== REQUIRED ACTION ==
Every entry should be returned unchanged, with the pictures omitted.

== RECORDED DATA ==
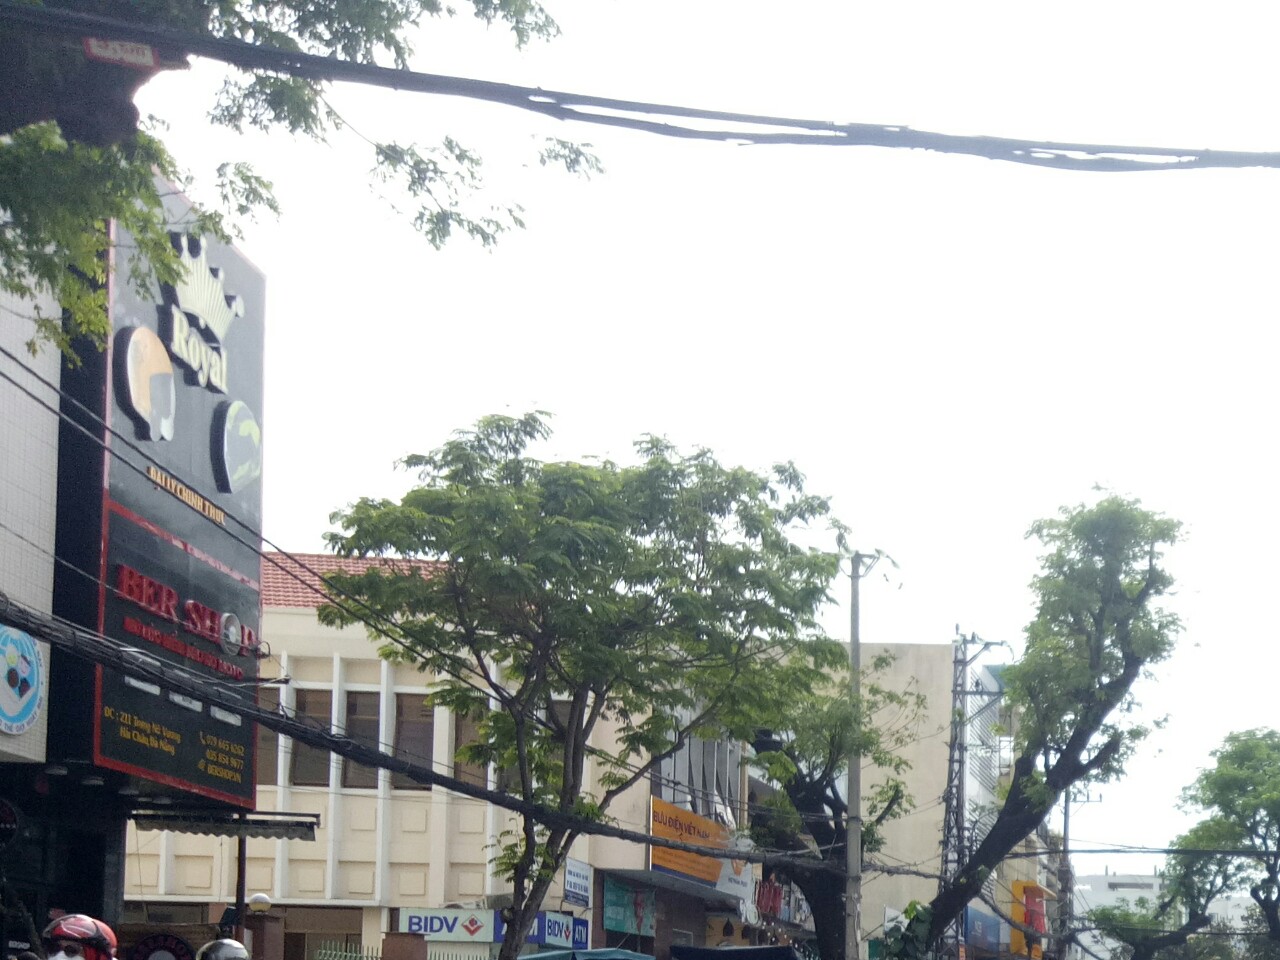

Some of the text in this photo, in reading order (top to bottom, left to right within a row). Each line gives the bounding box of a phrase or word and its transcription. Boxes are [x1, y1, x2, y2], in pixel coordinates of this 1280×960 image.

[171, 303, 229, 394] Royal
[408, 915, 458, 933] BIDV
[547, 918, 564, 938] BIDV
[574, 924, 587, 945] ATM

== OUTPUT OF THE EXERCISE ==
Some of the text in this photo, in reading order (top to bottom, left to right within a row). Each line gives the bounding box of a phrase or word and its transcription. Boxes are [x1, y1, x2, y2], in pixel coordinates of this 1280×960 image.

[171, 303, 229, 394] Royal
[408, 915, 458, 933] BIDV
[547, 918, 564, 938] BIDV
[574, 924, 587, 945] ATM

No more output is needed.